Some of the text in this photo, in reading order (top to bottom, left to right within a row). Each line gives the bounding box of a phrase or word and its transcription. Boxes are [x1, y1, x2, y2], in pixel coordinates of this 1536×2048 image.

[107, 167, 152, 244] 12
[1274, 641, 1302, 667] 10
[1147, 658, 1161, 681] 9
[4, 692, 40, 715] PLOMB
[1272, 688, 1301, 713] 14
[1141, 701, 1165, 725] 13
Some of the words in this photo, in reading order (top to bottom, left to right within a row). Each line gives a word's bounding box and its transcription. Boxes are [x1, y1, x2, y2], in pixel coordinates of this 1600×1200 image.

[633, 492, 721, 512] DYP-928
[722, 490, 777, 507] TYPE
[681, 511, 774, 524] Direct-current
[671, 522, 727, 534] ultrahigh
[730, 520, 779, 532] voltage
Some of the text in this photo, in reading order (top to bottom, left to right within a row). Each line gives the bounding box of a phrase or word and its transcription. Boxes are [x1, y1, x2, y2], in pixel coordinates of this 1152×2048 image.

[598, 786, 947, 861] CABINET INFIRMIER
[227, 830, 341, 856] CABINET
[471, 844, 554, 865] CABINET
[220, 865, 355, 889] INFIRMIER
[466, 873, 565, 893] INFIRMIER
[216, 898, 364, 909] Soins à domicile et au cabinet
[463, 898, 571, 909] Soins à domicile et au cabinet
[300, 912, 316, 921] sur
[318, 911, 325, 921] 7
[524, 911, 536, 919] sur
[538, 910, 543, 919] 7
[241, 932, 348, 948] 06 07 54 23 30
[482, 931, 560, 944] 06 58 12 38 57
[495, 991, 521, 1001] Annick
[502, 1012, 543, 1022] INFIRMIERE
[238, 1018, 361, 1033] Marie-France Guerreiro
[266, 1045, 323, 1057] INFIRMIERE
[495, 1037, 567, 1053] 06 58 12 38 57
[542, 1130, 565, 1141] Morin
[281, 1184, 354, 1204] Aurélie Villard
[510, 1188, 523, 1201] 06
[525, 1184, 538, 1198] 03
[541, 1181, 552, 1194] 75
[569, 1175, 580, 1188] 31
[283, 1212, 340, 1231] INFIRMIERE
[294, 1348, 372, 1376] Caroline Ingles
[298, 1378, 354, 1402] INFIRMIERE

=-=-=

§ **TASK STATEMENT**: Write out the data again, exactly and in full.

§ **RESULT OF THE TASK**:
Some of the text in this photo, in reading order (top to bottom, left to right within a row). Each line gives the bounding box of a phrase or word and its transcription. Boxes are [x1, y1, x2, y2], in pixel coordinates of this 1536×2048 image.

[107, 167, 152, 244] 12
[1274, 641, 1302, 667] 10
[1147, 658, 1161, 681] 9
[4, 692, 40, 715] PLOMB
[1272, 688, 1301, 713] 14
[1141, 701, 1165, 725] 13
Some of the words in this photo, in reading order (top to bottom, left to right within a row). Each line gives a word's bounding box and its transcription. Boxes are [x1, y1, x2, y2], in pixel coordinates of this 1600×1200 image.

[633, 492, 721, 512] DYP-928
[722, 490, 777, 507] TYPE
[681, 511, 774, 524] Direct-current
[671, 522, 727, 534] ultrahigh
[730, 520, 779, 532] voltage
Some of the text in this photo, in reading order (top to bottom, left to right within a row). Each line gives the bounding box of a phrase or word and its transcription. Boxes are [x1, y1, x2, y2], in pixel coordinates of this 1152×2048 image.

[598, 786, 947, 861] CABINET INFIRMIER
[227, 830, 341, 856] CABINET
[471, 844, 554, 865] CABINET
[220, 865, 355, 889] INFIRMIER
[466, 873, 565, 893] INFIRMIER
[216, 898, 364, 909] Soins à domicile et au cabinet
[463, 898, 571, 909] Soins à domicile et au cabinet
[300, 912, 316, 921] sur
[318, 911, 325, 921] 7
[524, 911, 536, 919] sur
[538, 910, 543, 919] 7
[241, 932, 348, 948] 06 07 54 23 30
[482, 931, 560, 944] 06 58 12 38 57
[495, 991, 521, 1001] Annick
[502, 1012, 543, 1022] INFIRMIERE
[238, 1018, 361, 1033] Marie-France Guerreiro
[266, 1045, 323, 1057] INFIRMIERE
[495, 1037, 567, 1053] 06 58 12 38 57
[542, 1130, 565, 1141] Morin
[281, 1184, 354, 1204] Aurélie Villard
[510, 1188, 523, 1201] 06
[525, 1184, 538, 1198] 03
[541, 1181, 552, 1194] 75
[569, 1175, 580, 1188] 31
[283, 1212, 340, 1231] INFIRMIERE
[294, 1348, 372, 1376] Caroline Ingles
[298, 1378, 354, 1402] INFIRMIERE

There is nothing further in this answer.